Kool-Aid Is The Official Soft Drink Of This US State
Childhood summers always included Kool-Aid, that inexpensive soft drink mix that we kids could make ourselves by mixing it with sugar and water. After chugging a glass, we'd bounce around on a sugar high, our faces stained by the drink's vividly colored dye, half expecting Mr. Kool-Aid to come crashing through a wall to shout "Oh yeah!" We have an inventor named Edwin Perkins to thank for those experiences. Nebraska, where Perkins was born and raised — and where he created Kool-Aid — paid tribute to this unique drink powder and its inventor by designating it the official state soft drink.

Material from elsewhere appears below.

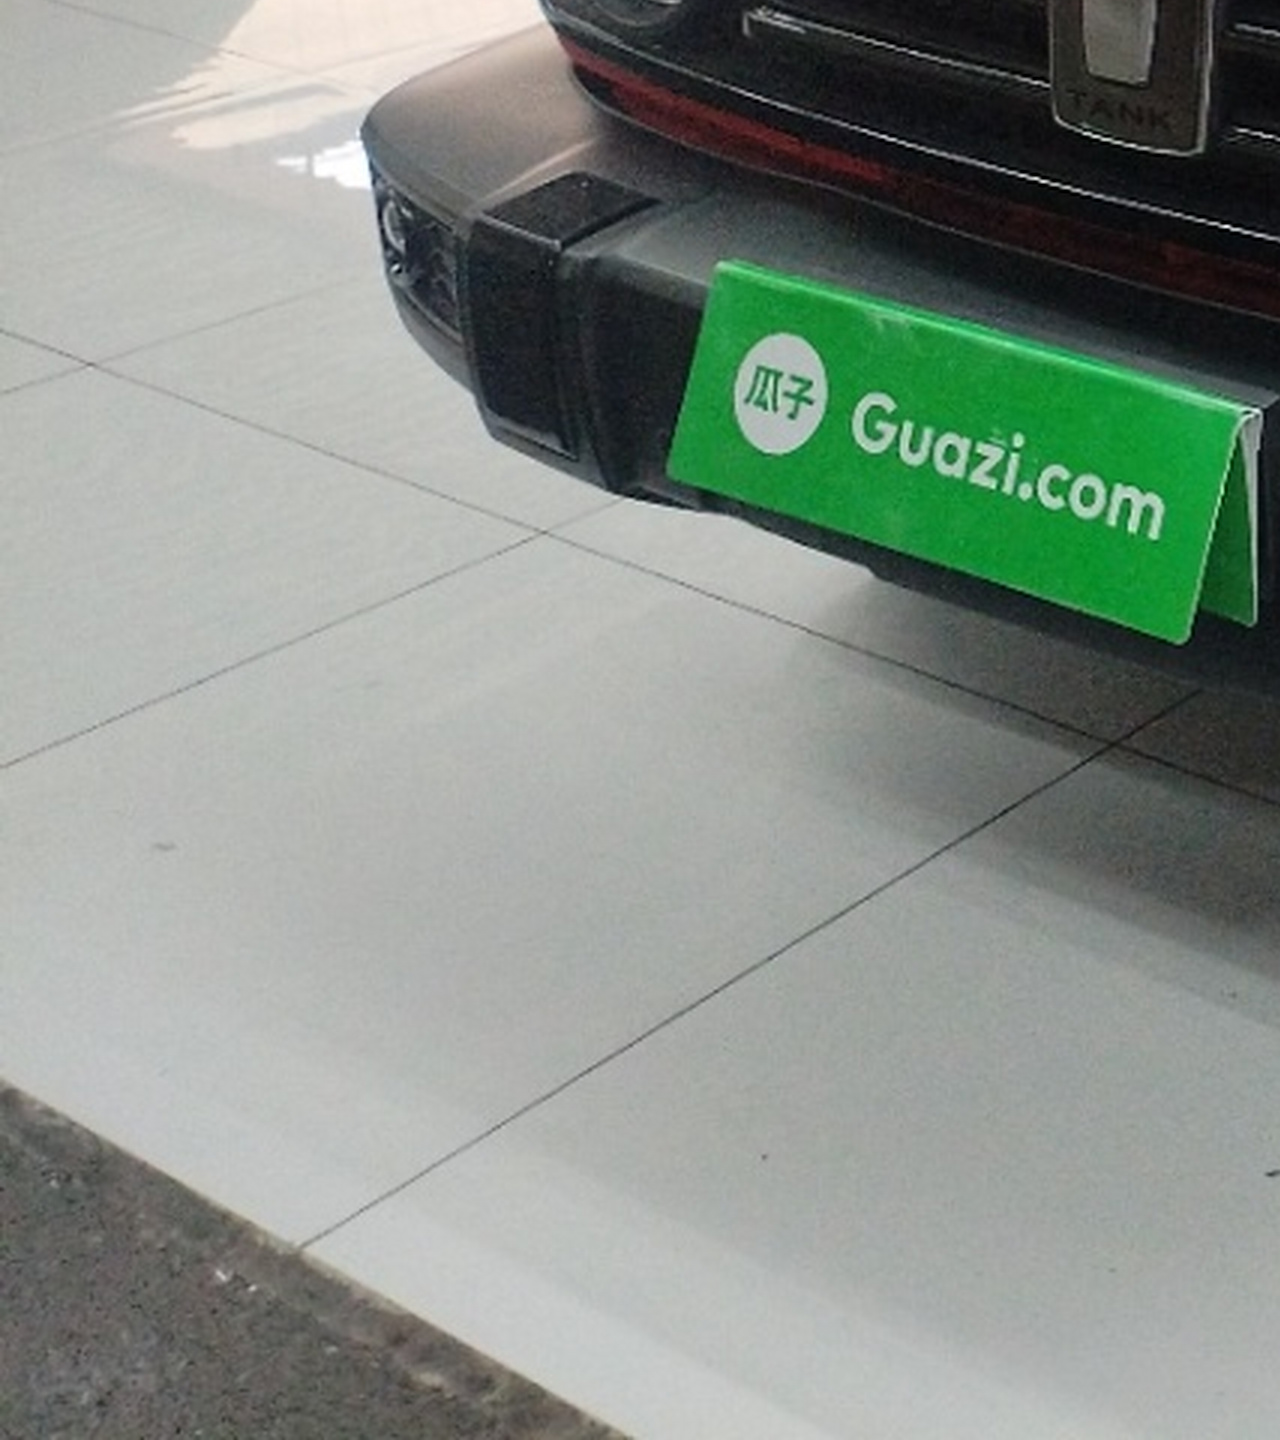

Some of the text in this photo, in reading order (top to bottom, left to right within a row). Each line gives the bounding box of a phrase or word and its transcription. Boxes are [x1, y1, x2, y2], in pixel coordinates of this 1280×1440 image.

[1067, 90, 1173, 132] TANK
[744, 366, 815, 420] 瓜子
[850, 391, 1166, 541] Guazi.com

While many states have official drinks, with milk being a popular choice due to the dairy industry's hard campaigning, there are only two that have designated official soft drinks. Maine went with Moxie, that old-school unusual herbal tasting soda. Nebraska honored Kool-Aid with the title since Perkins invented it there in 1927. He later moved the business to Chicago and sold it to General Foods in 1953, but his home state never forgot its native son, declaring Kool-Aid its official soft drink in 1998.
Kool-Aid's small-town Nebraska roots
Born in Iowa in 1889, Edwin Perkins moved with his family to the rural plains of Nebraska as a child where they lived in a sod cabin and worked as farmers. In 1900, after the state experienced hard times due to a series of natural disasters that devastated farming, the family moved to Hendley, Nebraska, and opened a general store. While working there after school, Perkins became obsessed with creating his own food products after discovering a new powdered dessert called Jell-O, which, interestingly, is the state snack of Utah. He soon began a brisk mail-order business with more than 100 products, including Fruit Smack, a bottled soda concentrate that was sold door to door.
In 1927, while living in Hastings, Nebraska, Perkins reformulated Fruit Smack after dealing with issues like broken and leaking bottles. He eliminated the problem by creating a powdered version, which he named Kool-Ade, before settling on the spelling still used today. Perkins used innovative sales techniques, like display cases, which he called the "self-selling silent salesman," to help market Kool-Aid, which became incredibly popular.
In the early 1930s, Perkins moved his business to Chicago and began selling Kool-Aid globally. He sold the company to General Foods for stock a couple decades later, becoming extremely rich. When he died in 1961, his net worth was estimated at $45 million (around $490 million today). Back in Hastings, the town began celebrating Perkins' invention with Kool-Aid Days in 1997, a year before it became the state's official drink; the multi-day weekend festival still takes place every August.